O movimento logo se expandiu,
com a adesão de outros setores,
entre eles a Igreja Católica, o CBA
(Comitê Brasileiro pela Anistia), a
OAB (Ordem dos Advogados do
Brasil) e a ABI (Associação Brasileira de Imprensa).
Organizado em 1978, o CBA deu
caráter mais amplo à campanha
iniciada pelas mulheres em 1975.
Em novembro de 1978, todas essas organizações se reuniram no
Primeiro Congresso Nacional pela Anistia, em São Paulo.
Luiz Eduardo Greenhalgh, presidente da executiva nacional do
CBA, afirma que o projeto inicial
do regime militar para a anistia
era restrito e atribui sua ampliação à pressão popular.
"A única luta que a esquerda ganhou durante o regime militar foi
a anistia, conquistada dentro do
próprio regime. Éramos radicais,
pois queríamos a anistia ampla,
geral e irrestrita", diz Greenhalgh,
que também atuava como advogado de presos políticos.
"A anistia não foi uma coisa
gratuita, resultado da benevolência do presidente Figueiredo. A
idéia cresceu com a resistência da
sociedade civil", afirma o ministro da Justiça, José Carlos Dias,
advogado de presos políticos militante do movimento pela anistia.
Aprovada, por 206 a 201, durante a vigência do regime, a anistia
não foi tão ampla, geral e irrestrita
como pretendiam seus defensores. De acordo com a lei aprovada,
foram excluídos os condenados
pela "prática de crimes de terrorismo, assalto, sequestro e atentado pessoal".
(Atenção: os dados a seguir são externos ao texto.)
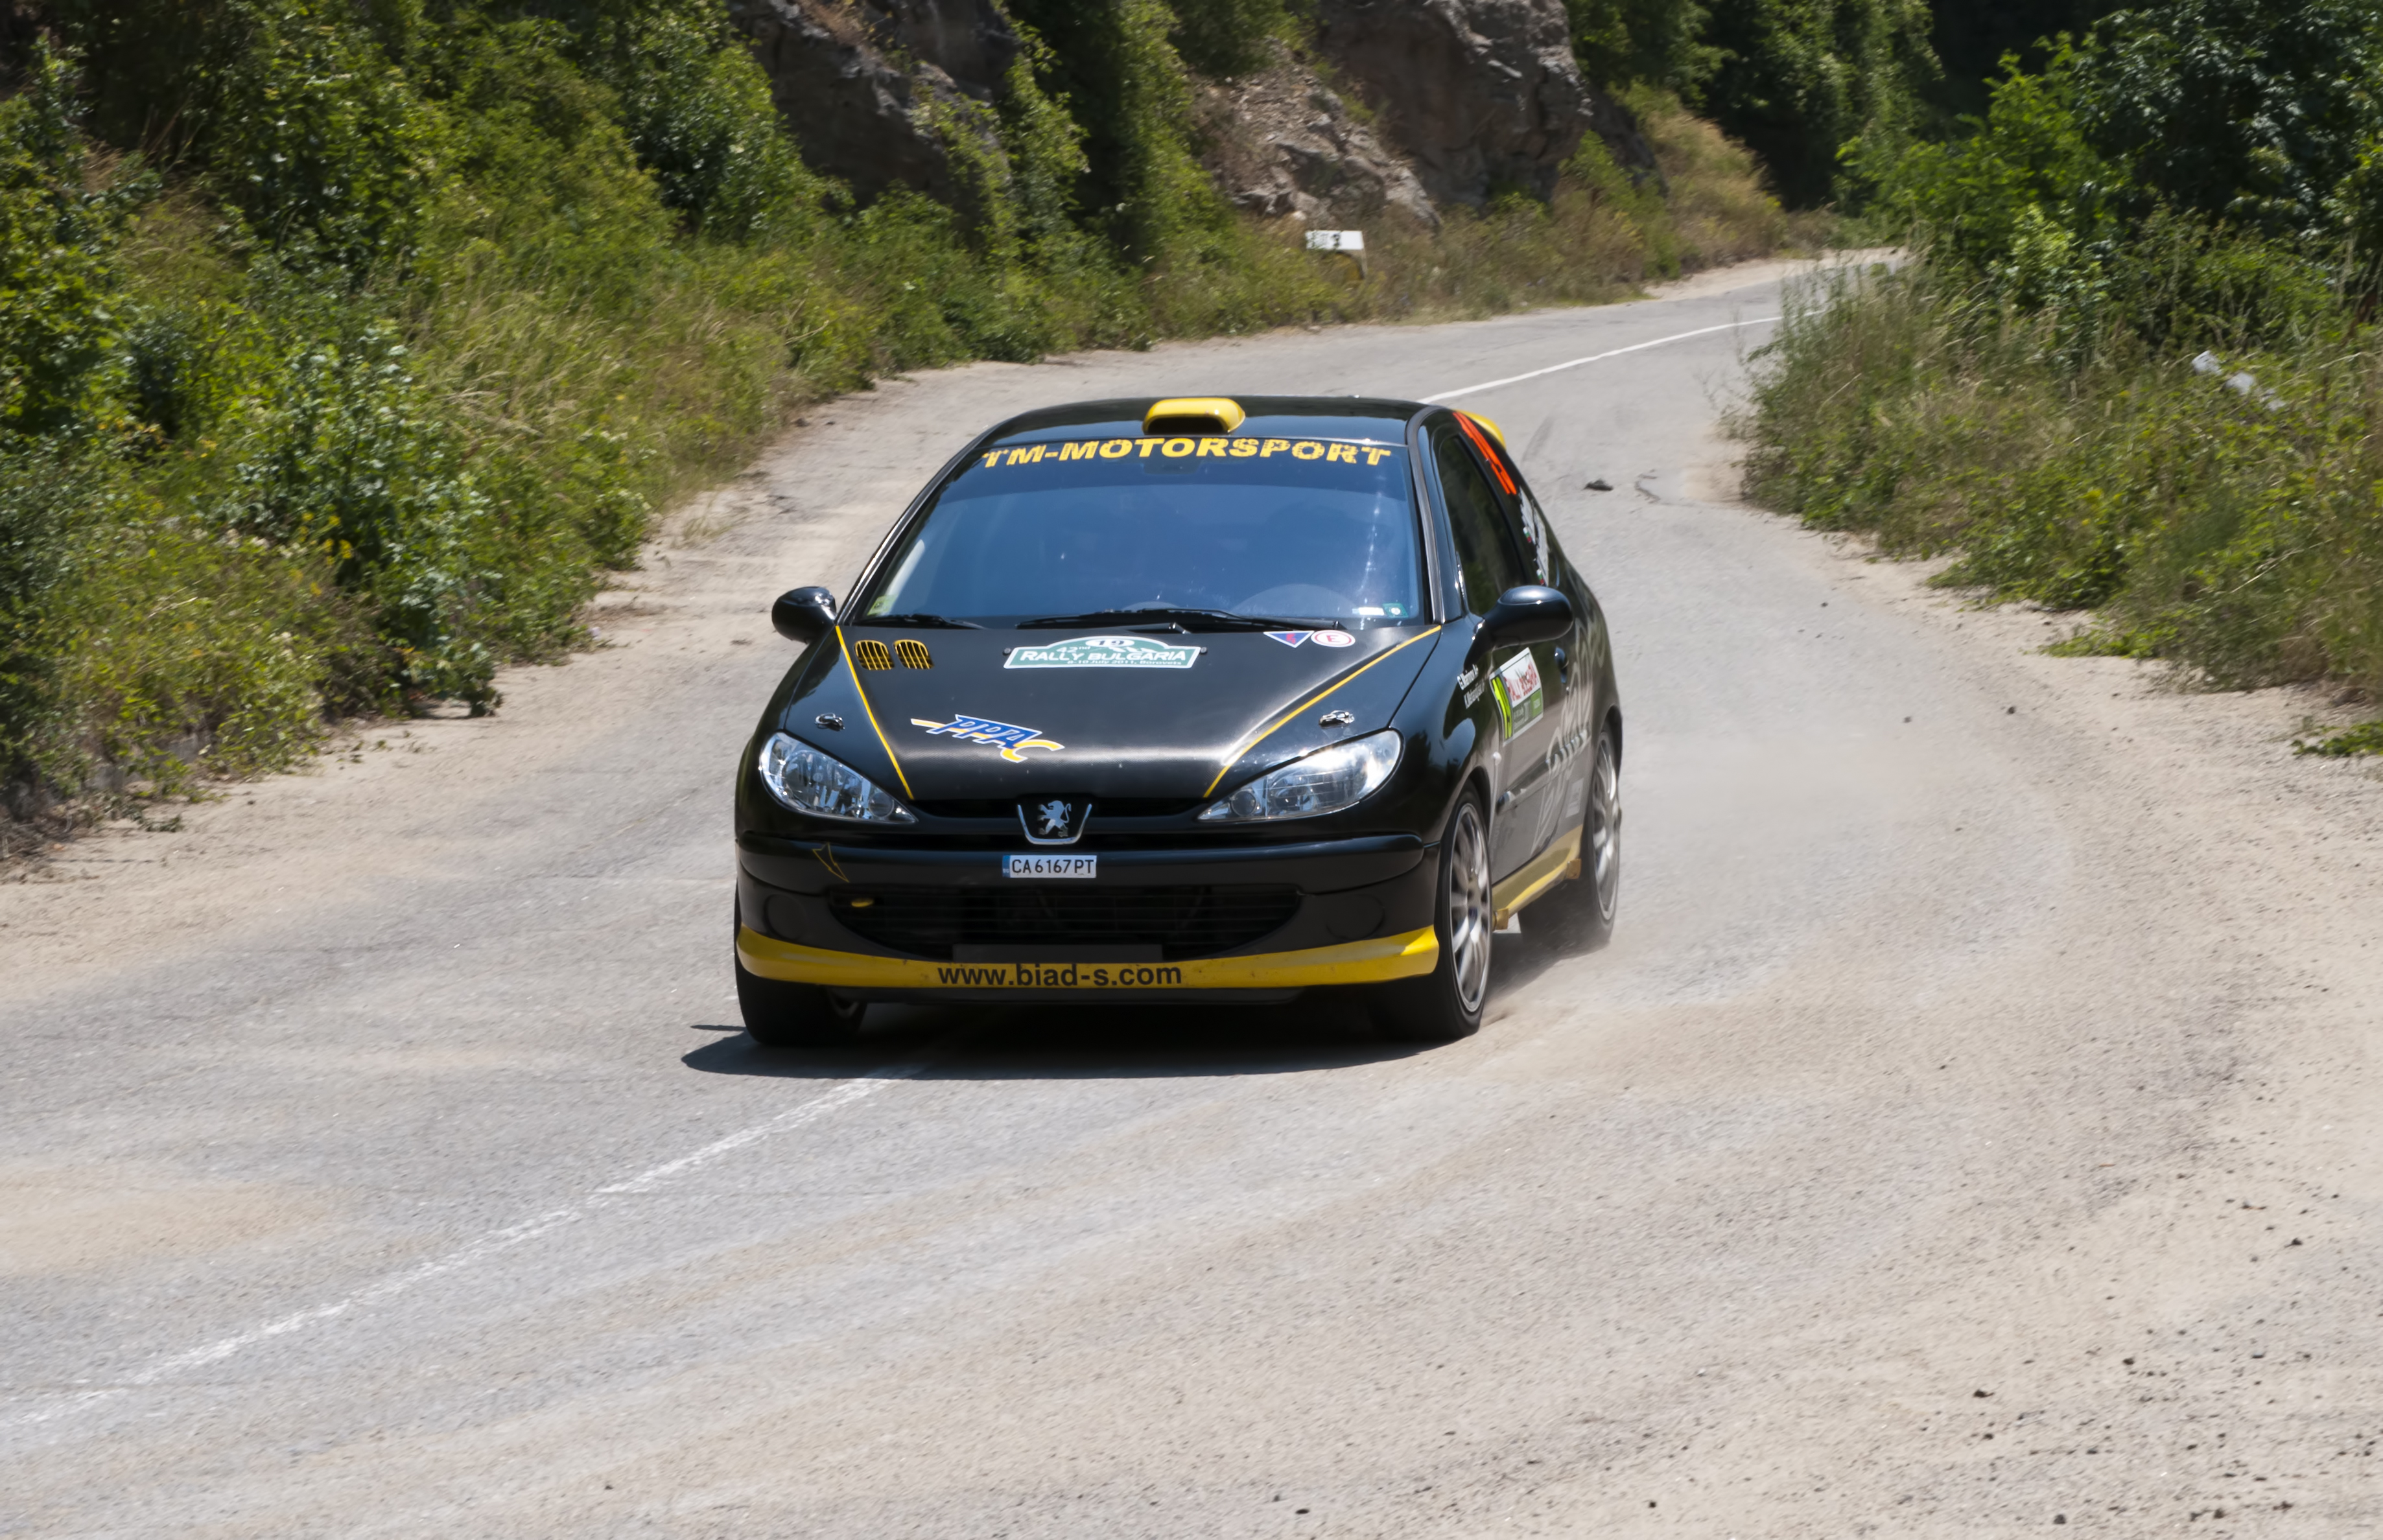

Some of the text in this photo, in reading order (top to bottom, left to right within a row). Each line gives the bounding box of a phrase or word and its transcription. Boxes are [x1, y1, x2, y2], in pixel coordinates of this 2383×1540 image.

[982, 437, 1391, 468] TM-MOTORSPORT
[1020, 650, 1186, 661] RALLY BULGARIA
[937, 963, 1181, 986] www.biad-s.com
Mas, de qualquer forma, ela
permitiu a libertação de praticamente todos os presos políticos e
a volta ao país de pelo menos
5.000 exilados. Entre os que voltaram, estavam lideranças de esquerda, como os ex-governadores Leonel Brizola e Miguel Arraes
e o líder comunista Luís Carlos
Prestes. "Apesar de ter sido restrita, a anistia acabou cumprindo
seus objetivos", afirma o secretário da Justiça de São Paulo, Belisário dos Santos Júnior, outro advogado de presos políticos que participou do movimento.
Conversão
A campanha pela anistia ganhou um considerável peso institucional com a adesão do senador
Teotonio Vilela à idéia. Arenista,
o senador presidida a comissão
mista responsável pela análise do
projeto no Congresso.
No dia 15 de abril de 1979, Vilela
deixa o partido governista e filia-se ao MDB. No mês seguinte, começaria a chamada "peregrinação" pelas cadeias de todo o país
onde havia presos políticos.
Inicialmente defensor da exclusão dos chamados crimes de sangue e de terrorismo da anistia, Vilela decidiu conhecer de perto as
pessoas acusadas desses atos.
"Não encontrei nenhum terrorista, mas jovens idealistas que arriscaram suas vidas pelo bem do
Brasil", disse Vilela ao final de sua
primeira visita, em São Paulo. E
acrescentou: "Convidaria todos
para se hospedarem em minha
casa, convite que não faço a muitos ministros do atual governo".